> _RECORD EXCERPTS_
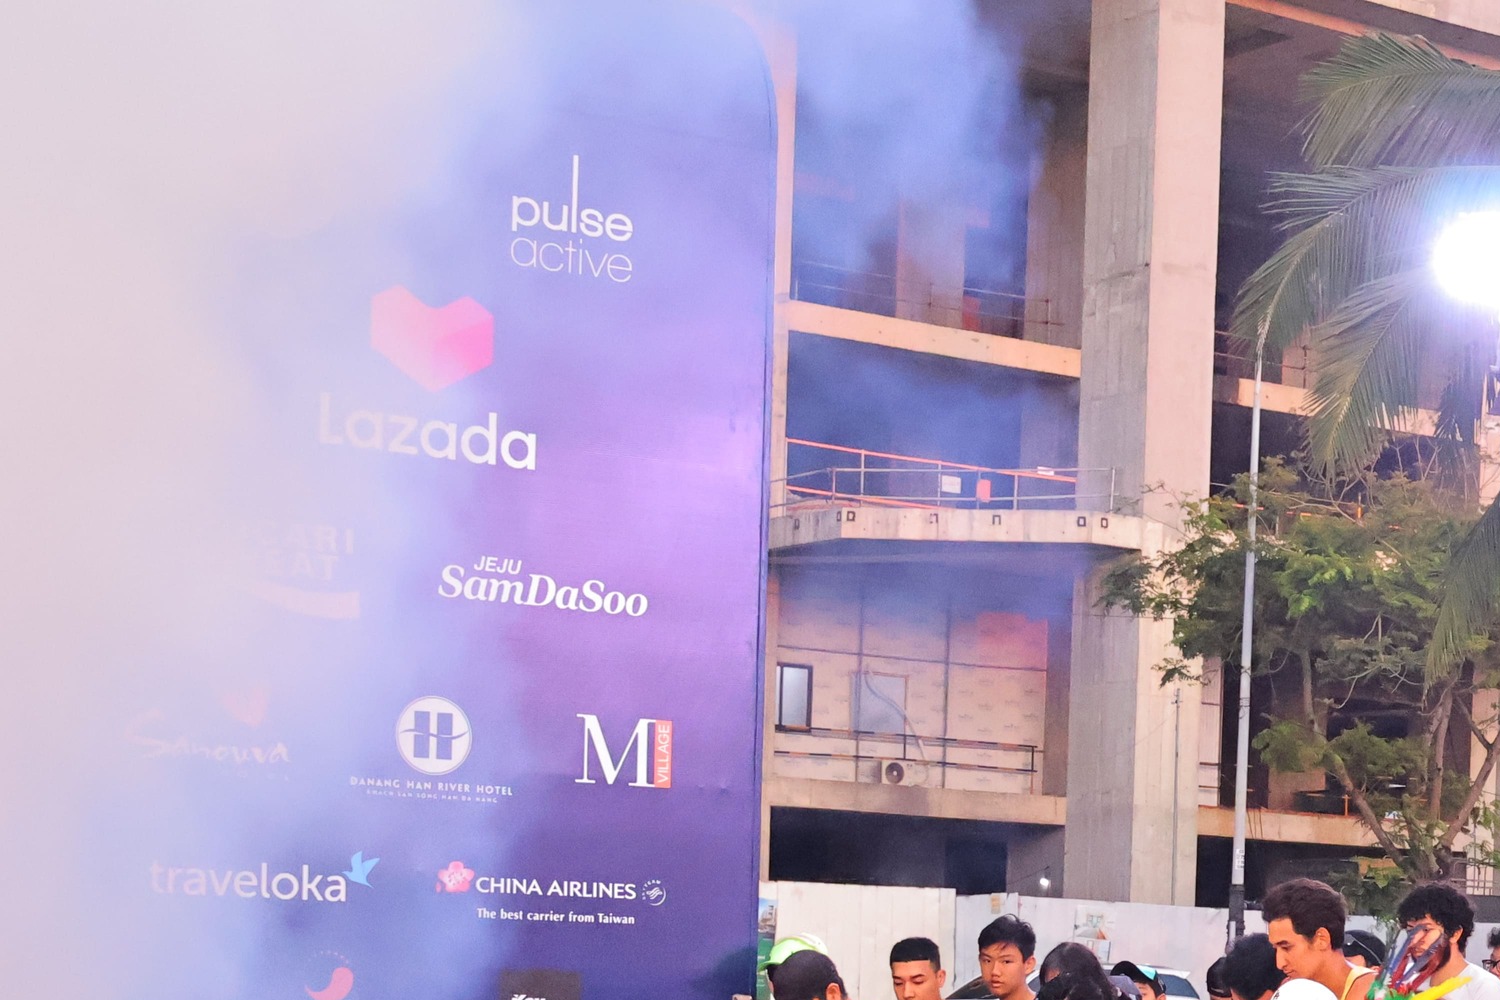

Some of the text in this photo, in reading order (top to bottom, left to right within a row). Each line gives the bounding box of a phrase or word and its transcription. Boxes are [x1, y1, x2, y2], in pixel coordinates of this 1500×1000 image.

[510, 154, 634, 242] pulse
[510, 237, 633, 283] active
[318, 392, 537, 471] Lazada
[473, 555, 523, 575] JEJU
[437, 564, 649, 617] SamDaSoo
[574, 712, 656, 788] M
[656, 723, 671, 784] VILLAGE
[349, 775, 513, 796] DANANG HAN RIVER HOTEL
[150, 861, 347, 903] traveloka
[475, 876, 636, 900] CHINA AIRLINES
[477, 907, 635, 925] The best carrier from Taiwan
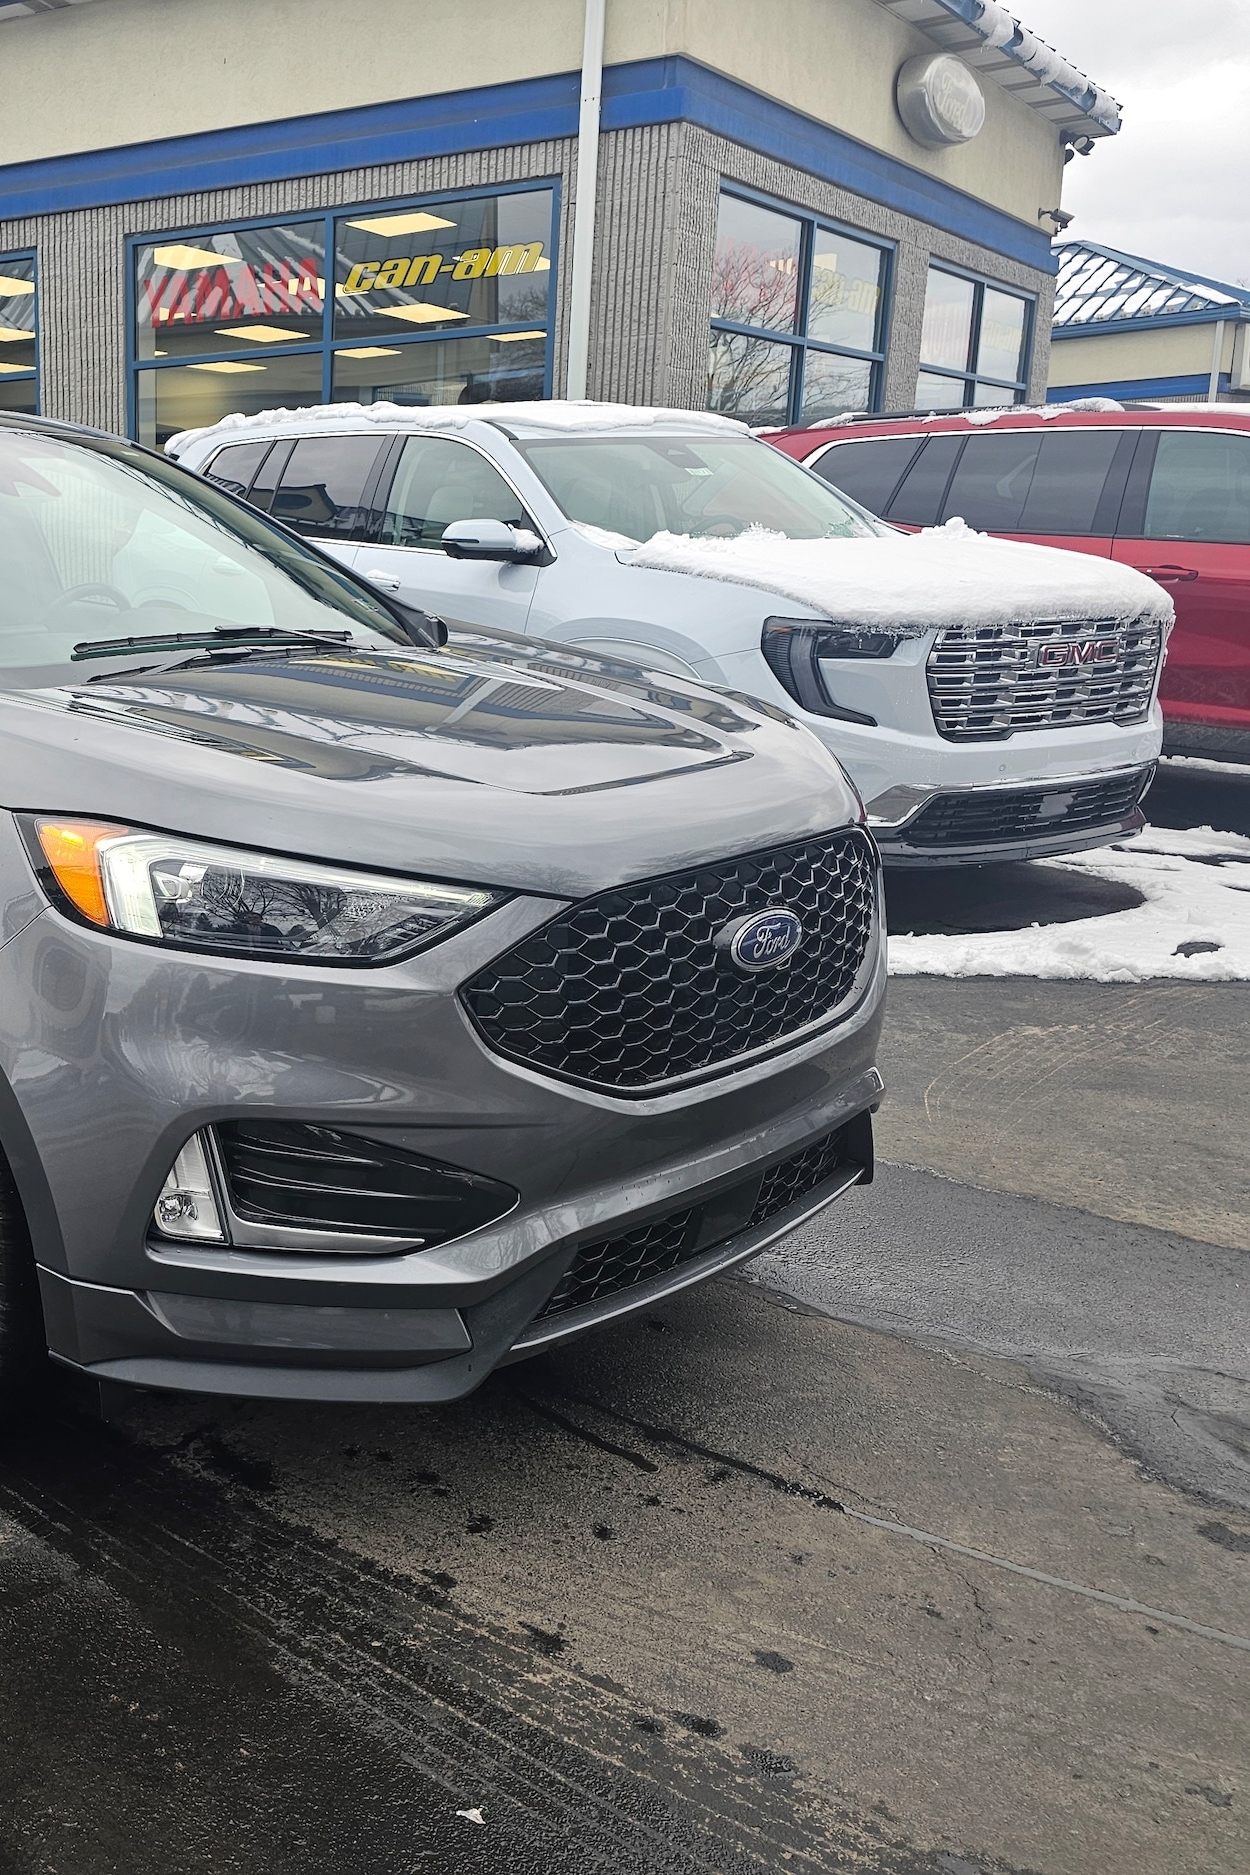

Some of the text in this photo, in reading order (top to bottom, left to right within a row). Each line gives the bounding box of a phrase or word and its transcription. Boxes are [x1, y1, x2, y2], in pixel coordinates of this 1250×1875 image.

> _EXERCISE REQUIREMENTS_
Give back all of the entries verbatim, but without pictures.

> _WRITTEN REPLY_
Some of the text in this photo, in reading order (top to bottom, left to right within a row). Each line gives the bounding box of a phrase or word and its transcription. Boxes are [x1, y1, x2, y2], in pixel coordinates of this 1500×1000 image.

[510, 154, 634, 242] pulse
[510, 237, 633, 283] active
[318, 392, 537, 471] Lazada
[473, 555, 523, 575] JEJU
[437, 564, 649, 617] SamDaSoo
[574, 712, 656, 788] M
[656, 723, 671, 784] VILLAGE
[349, 775, 513, 796] DANANG HAN RIVER HOTEL
[150, 861, 347, 903] traveloka
[475, 876, 636, 900] CHINA AIRLINES
[477, 907, 635, 925] The best carrier from Taiwan

Some of the text in this photo, in reading order (top to bottom, left to right within a row). Each line gives the bounding box of a phrase or word and its transcription. Boxes are [x1, y1, x2, y2], in pixel coordinates of this 1250×1875 image.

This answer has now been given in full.